**TASK DESCRIPTION**
What is wanted is every record, duplicated word for word.

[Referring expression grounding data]
****

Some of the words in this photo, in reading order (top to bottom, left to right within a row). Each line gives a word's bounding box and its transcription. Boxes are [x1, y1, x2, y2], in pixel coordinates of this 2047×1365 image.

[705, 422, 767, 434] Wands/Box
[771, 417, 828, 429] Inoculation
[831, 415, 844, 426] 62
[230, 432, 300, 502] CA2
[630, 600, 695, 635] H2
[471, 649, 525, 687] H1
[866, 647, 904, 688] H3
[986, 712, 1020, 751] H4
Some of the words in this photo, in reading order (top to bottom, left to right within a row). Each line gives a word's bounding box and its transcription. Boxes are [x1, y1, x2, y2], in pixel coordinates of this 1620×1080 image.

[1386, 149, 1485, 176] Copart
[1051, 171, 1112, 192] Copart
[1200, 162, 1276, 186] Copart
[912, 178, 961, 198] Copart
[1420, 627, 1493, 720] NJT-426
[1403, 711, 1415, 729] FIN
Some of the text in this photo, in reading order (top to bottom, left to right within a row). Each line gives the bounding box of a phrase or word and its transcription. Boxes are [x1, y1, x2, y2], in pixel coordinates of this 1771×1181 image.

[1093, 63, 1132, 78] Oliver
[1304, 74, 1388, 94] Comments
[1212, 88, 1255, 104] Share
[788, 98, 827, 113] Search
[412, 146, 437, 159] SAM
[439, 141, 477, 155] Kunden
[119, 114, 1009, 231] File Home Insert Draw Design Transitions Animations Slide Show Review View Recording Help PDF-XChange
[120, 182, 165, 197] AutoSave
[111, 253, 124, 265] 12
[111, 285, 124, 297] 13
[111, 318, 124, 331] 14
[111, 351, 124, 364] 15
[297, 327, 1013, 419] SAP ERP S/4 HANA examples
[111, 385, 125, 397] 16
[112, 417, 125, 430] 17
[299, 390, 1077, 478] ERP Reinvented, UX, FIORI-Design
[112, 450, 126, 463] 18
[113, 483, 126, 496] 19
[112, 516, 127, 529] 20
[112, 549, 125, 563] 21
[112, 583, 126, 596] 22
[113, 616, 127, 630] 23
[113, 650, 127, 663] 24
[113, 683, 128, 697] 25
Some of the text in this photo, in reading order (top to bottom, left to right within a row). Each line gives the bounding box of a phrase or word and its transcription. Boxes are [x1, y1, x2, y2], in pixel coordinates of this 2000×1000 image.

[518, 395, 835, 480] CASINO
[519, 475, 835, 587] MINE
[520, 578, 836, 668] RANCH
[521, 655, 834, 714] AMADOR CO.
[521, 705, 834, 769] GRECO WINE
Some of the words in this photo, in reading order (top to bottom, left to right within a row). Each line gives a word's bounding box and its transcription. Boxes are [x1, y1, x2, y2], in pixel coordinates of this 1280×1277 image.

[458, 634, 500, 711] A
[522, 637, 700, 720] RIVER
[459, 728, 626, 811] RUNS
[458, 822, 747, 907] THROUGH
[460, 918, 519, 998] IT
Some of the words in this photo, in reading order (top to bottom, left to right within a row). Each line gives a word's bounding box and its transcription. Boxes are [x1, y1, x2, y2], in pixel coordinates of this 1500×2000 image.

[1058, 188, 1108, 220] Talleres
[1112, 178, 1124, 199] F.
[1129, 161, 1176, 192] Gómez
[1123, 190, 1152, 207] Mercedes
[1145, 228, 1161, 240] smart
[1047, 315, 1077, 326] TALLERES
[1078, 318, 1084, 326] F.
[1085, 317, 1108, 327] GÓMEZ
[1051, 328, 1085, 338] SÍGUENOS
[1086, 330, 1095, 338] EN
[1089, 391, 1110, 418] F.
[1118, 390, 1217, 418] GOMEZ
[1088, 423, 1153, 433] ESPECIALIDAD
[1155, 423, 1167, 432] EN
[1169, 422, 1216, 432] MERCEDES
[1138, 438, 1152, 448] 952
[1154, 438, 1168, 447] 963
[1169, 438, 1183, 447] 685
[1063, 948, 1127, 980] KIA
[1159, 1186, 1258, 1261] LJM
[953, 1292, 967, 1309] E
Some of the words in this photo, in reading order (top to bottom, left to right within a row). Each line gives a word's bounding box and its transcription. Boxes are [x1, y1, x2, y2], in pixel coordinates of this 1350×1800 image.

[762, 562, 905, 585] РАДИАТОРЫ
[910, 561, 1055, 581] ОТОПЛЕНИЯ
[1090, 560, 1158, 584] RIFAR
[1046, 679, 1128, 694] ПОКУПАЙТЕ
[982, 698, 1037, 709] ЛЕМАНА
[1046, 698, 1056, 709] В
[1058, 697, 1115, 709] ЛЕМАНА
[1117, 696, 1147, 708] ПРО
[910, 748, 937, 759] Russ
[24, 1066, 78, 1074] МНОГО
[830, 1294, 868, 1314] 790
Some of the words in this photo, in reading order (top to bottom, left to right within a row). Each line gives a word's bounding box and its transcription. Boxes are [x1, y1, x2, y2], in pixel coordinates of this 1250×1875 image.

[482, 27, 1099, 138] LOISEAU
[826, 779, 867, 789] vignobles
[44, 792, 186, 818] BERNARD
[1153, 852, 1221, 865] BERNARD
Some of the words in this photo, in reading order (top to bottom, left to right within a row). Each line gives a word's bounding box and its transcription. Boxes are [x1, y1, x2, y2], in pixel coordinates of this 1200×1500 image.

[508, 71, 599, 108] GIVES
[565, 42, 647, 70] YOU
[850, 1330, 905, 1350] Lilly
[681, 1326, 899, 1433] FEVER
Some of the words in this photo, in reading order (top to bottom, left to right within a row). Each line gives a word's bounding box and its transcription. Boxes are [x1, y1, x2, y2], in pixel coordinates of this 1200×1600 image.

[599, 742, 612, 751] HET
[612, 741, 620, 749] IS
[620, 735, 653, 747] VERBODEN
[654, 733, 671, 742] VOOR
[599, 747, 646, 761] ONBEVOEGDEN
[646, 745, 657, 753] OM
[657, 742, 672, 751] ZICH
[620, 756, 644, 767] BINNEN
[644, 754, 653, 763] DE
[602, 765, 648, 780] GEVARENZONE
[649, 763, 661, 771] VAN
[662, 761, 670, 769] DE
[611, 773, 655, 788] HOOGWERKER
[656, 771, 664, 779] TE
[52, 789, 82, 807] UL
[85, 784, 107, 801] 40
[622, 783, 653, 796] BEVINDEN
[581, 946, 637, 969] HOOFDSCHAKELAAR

****

**ANSWER TO THE EXERCISE**
Some of the words in this photo, in reading order (top to bottom, left to right within a row). Each line gives a word's bounding box and its transcription. Boxes are [x1, y1, x2, y2], in pixel coordinates of this 2047×1365 image.

[705, 422, 767, 434] Wands/Box
[771, 417, 828, 429] Inoculation
[831, 415, 844, 426] 62
[230, 432, 300, 502] CA2
[630, 600, 695, 635] H2
[471, 649, 525, 687] H1
[866, 647, 904, 688] H3
[986, 712, 1020, 751] H4
Some of the words in this photo, in reading order (top to bottom, left to right within a row). Each line gives a word's bounding box and its transcription. Boxes are [x1, y1, x2, y2], in pixel coordinates of this 1620×1080 image.

[1386, 149, 1485, 176] Copart
[1051, 171, 1112, 192] Copart
[1200, 162, 1276, 186] Copart
[912, 178, 961, 198] Copart
[1420, 627, 1493, 720] NJT-426
[1403, 711, 1415, 729] FIN
Some of the text in this photo, in reading order (top to bottom, left to right within a row). Each line gives the bounding box of a phrase or word and its transcription. Boxes are [x1, y1, x2, y2], in pixel coordinates of this 1771×1181 image.

[1093, 63, 1132, 78] Oliver
[1304, 74, 1388, 94] Comments
[1212, 88, 1255, 104] Share
[788, 98, 827, 113] Search
[412, 146, 437, 159] SAM
[439, 141, 477, 155] Kunden
[119, 114, 1009, 231] File Home Insert Draw Design Transitions Animations Slide Show Review View Recording Help PDF-XChange
[120, 182, 165, 197] AutoSave
[111, 253, 124, 265] 12
[111, 285, 124, 297] 13
[111, 318, 124, 331] 14
[111, 351, 124, 364] 15
[297, 327, 1013, 419] SAP ERP S/4 HANA examples
[111, 385, 125, 397] 16
[112, 417, 125, 430] 17
[299, 390, 1077, 478] ERP Reinvented, UX, FIORI-Design
[112, 450, 126, 463] 18
[113, 483, 126, 496] 19
[112, 516, 127, 529] 20
[112, 549, 125, 563] 21
[112, 583, 126, 596] 22
[113, 616, 127, 630] 23
[113, 650, 127, 663] 24
[113, 683, 128, 697] 25
Some of the text in this photo, in reading order (top to bottom, left to right within a row). Each line gives the bounding box of a phrase or word and its transcription. Boxes are [x1, y1, x2, y2], in pixel coordinates of this 2000×1000 image.

[518, 395, 835, 480] CASINO
[519, 475, 835, 587] MINE
[520, 578, 836, 668] RANCH
[521, 655, 834, 714] AMADOR CO.
[521, 705, 834, 769] GRECO WINE
Some of the words in this photo, in reading order (top to bottom, left to right within a row). Each line gives a word's bounding box and its transcription. Boxes are [x1, y1, x2, y2], in pixel coordinates of this 1280×1277 image.

[458, 634, 500, 711] A
[522, 637, 700, 720] RIVER
[459, 728, 626, 811] RUNS
[458, 822, 747, 907] THROUGH
[460, 918, 519, 998] IT
Some of the words in this photo, in reading order (top to bottom, left to right within a row). Each line gives a word's bounding box and its transcription. Boxes are [x1, y1, x2, y2], in pixel coordinates of this 1500×2000 image.

[1058, 188, 1108, 220] Talleres
[1112, 178, 1124, 199] F.
[1129, 161, 1176, 192] Gómez
[1123, 190, 1152, 207] Mercedes
[1145, 228, 1161, 240] smart
[1047, 315, 1077, 326] TALLERES
[1078, 318, 1084, 326] F.
[1085, 317, 1108, 327] GÓMEZ
[1051, 328, 1085, 338] SÍGUENOS
[1086, 330, 1095, 338] EN
[1089, 391, 1110, 418] F.
[1118, 390, 1217, 418] GOMEZ
[1088, 423, 1153, 433] ESPECIALIDAD
[1155, 423, 1167, 432] EN
[1169, 422, 1216, 432] MERCEDES
[1138, 438, 1152, 448] 952
[1154, 438, 1168, 447] 963
[1169, 438, 1183, 447] 685
[1063, 948, 1127, 980] KIA
[1159, 1186, 1258, 1261] LJM
[953, 1292, 967, 1309] E
Some of the words in this photo, in reading order (top to bottom, left to right within a row). Each line gives a word's bounding box and its transcription. Boxes are [x1, y1, x2, y2], in pixel coordinates of this 1350×1800 image.

[762, 562, 905, 585] РАДИАТОРЫ
[910, 561, 1055, 581] ОТОПЛЕНИЯ
[1090, 560, 1158, 584] RIFAR
[1046, 679, 1128, 694] ПОКУПАЙТЕ
[982, 698, 1037, 709] ЛЕМАНА
[1046, 698, 1056, 709] В
[1058, 697, 1115, 709] ЛЕМАНА
[1117, 696, 1147, 708] ПРО
[910, 748, 937, 759] Russ
[24, 1066, 78, 1074] МНОГО
[830, 1294, 868, 1314] 790
Some of the words in this photo, in reading order (top to bottom, left to right within a row). Each line gives a word's bounding box and its transcription. Boxes are [x1, y1, x2, y2], in pixel coordinates of this 1250×1875 image.

[482, 27, 1099, 138] LOISEAU
[826, 779, 867, 789] vignobles
[44, 792, 186, 818] BERNARD
[1153, 852, 1221, 865] BERNARD
Some of the words in this photo, in reading order (top to bottom, left to right within a row). Each line gives a word's bounding box and its transcription. Boxes are [x1, y1, x2, y2], in pixel coordinates of this 1200×1500 image.

[508, 71, 599, 108] GIVES
[565, 42, 647, 70] YOU
[850, 1330, 905, 1350] Lilly
[681, 1326, 899, 1433] FEVER
Some of the words in this photo, in reading order (top to bottom, left to right within a row). Each line gives a word's bounding box and its transcription. Boxes are [x1, y1, x2, y2], in pixel coordinates of this 1200×1600 image.

[599, 742, 612, 751] HET
[612, 741, 620, 749] IS
[620, 735, 653, 747] VERBODEN
[654, 733, 671, 742] VOOR
[599, 747, 646, 761] ONBEVOEGDEN
[646, 745, 657, 753] OM
[657, 742, 672, 751] ZICH
[620, 756, 644, 767] BINNEN
[644, 754, 653, 763] DE
[602, 765, 648, 780] GEVARENZONE
[649, 763, 661, 771] VAN
[662, 761, 670, 769] DE
[611, 773, 655, 788] HOOGWERKER
[656, 771, 664, 779] TE
[52, 789, 82, 807] UL
[85, 784, 107, 801] 40
[622, 783, 653, 796] BEVINDEN
[581, 946, 637, 969] HOOFDSCHAKELAAR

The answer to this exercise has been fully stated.